The pieces are lectures but read like essays, essayistic in the sense that they explore and wander and suggest rather than making straightforward arguments. Sometimes I didn’t know where an essay was heading until I got to the end and looked back to see how its parts fit together. Sometimes even then, I wasn’t sure, but this didn’t feel like a bad thing. I will happily follow Ruefle’s mind wherever it wants to go. She writes about the moon in poetry, how poems begin, “theme” in literature and culture, Emily Dickinson, her personal reading experiences, and so much more, but what’s truly memorable is not so much her subject, but the quality of her thought and way it moves through a piece.
In the title lecture, she begins by declaring she doesn’t know what she wants to lecture about:
I don’t know where to begin because I have nothing to say, yet I know that before long I will sound as if I’m on a crusade. What form does a lecture take when one has nothing to say? Let it take the form of a letter, an epistle, a form that gave rise, more than a thousand years after Alexander and Darius exchanged letters on the eve of a great battle, to the novel as we know it…
This last sentence goes on for the rest of the page, giving a history of the novel and the rise of the middle class and also the postal service.

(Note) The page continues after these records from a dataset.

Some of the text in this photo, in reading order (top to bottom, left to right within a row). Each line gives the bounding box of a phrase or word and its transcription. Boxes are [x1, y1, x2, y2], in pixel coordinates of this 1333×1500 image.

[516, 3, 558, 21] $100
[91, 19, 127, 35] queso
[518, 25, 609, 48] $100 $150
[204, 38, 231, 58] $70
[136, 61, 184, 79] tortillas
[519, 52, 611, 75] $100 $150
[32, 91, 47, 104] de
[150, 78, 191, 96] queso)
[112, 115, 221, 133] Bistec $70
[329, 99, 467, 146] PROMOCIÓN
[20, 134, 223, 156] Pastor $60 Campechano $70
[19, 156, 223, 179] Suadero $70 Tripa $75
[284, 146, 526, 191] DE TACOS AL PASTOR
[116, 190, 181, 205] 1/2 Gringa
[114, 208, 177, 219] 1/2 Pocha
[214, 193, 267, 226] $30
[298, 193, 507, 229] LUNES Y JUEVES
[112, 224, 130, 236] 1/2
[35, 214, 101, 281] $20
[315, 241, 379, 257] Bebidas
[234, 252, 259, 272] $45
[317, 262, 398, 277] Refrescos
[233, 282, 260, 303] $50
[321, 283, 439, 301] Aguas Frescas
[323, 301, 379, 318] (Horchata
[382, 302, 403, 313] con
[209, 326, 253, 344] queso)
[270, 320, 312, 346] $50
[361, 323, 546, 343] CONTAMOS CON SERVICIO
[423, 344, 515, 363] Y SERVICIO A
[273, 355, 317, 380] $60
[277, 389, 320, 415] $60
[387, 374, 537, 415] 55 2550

From there she ends the first paragraph recalling that in preparation for a lecture she once collected newspaper and magazine ads with the word “poetry” in them. Then she writes about finding an ad for a Coach bag, and, after digressions on coaches and courier bags, she returns to the ad, which features the descendants of famous people, including Paul Einstein. His picture comes with this accompanying text: “Paul Einstein is an accomplished violinist who enjoys reading literature, philosophy, and fine poetry.”

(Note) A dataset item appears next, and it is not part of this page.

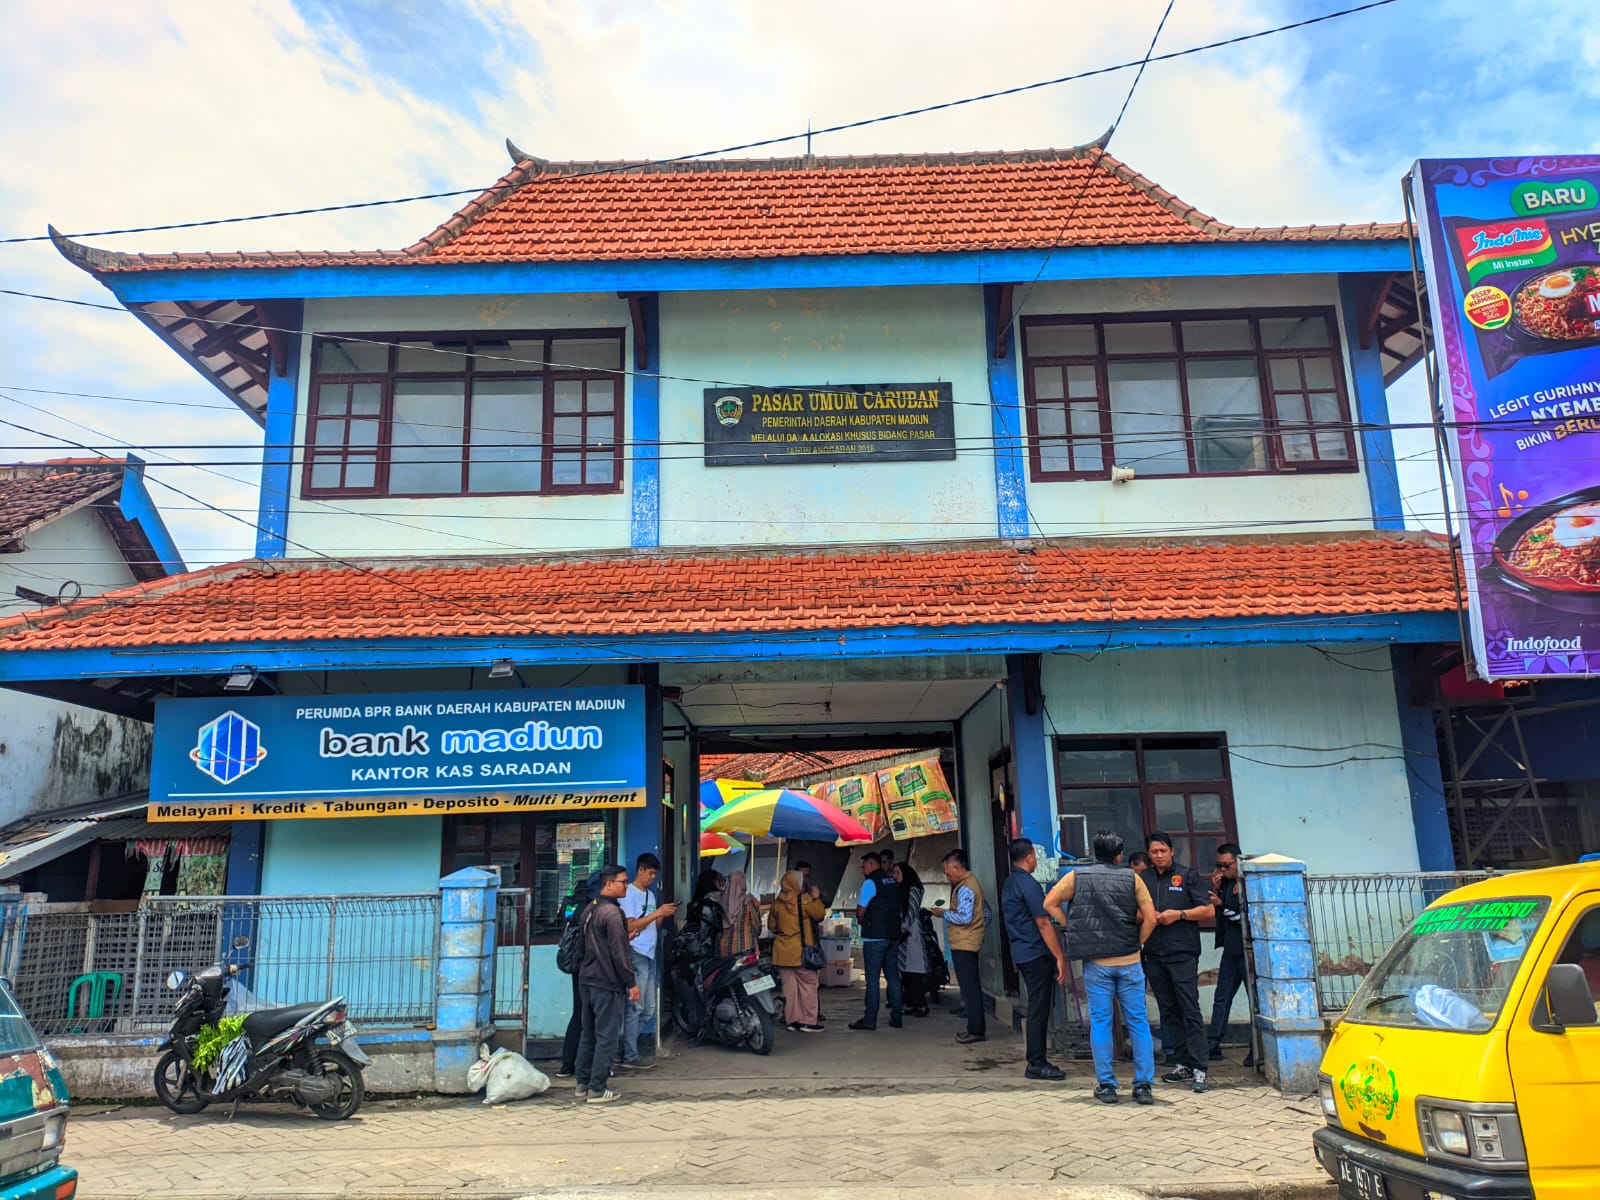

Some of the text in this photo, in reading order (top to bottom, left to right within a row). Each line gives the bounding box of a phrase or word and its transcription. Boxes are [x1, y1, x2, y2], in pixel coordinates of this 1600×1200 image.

And here we are, finally, at our subject: poetry. What is the distinction between poetry and “fine poetry”? Is poetry on its own “perhaps a tad feminine?” Fine poetry most likely means The Divine Comedy, Eliot, and Rilke. It’s “vintage poetry, as in fine wine, poetry of long-established recognition.” Nothing wrong with that, she says, but the phrase “fine poetry” is still upsetting:
Why do I want so badly to insert the words madness, rack, and honey in its place? I think it is because I do not know if Paul Einstein reads fine poetry for the madness, rack, and honey of it, or if he reads it because it is an accessory to a lifestyle of literature and philosophy — the bag that goes with the clothes. I think that the latter is what the written ad is trying to convey, but when I look at Paul’s eyes, I think I see the madness, rack, and honey of it.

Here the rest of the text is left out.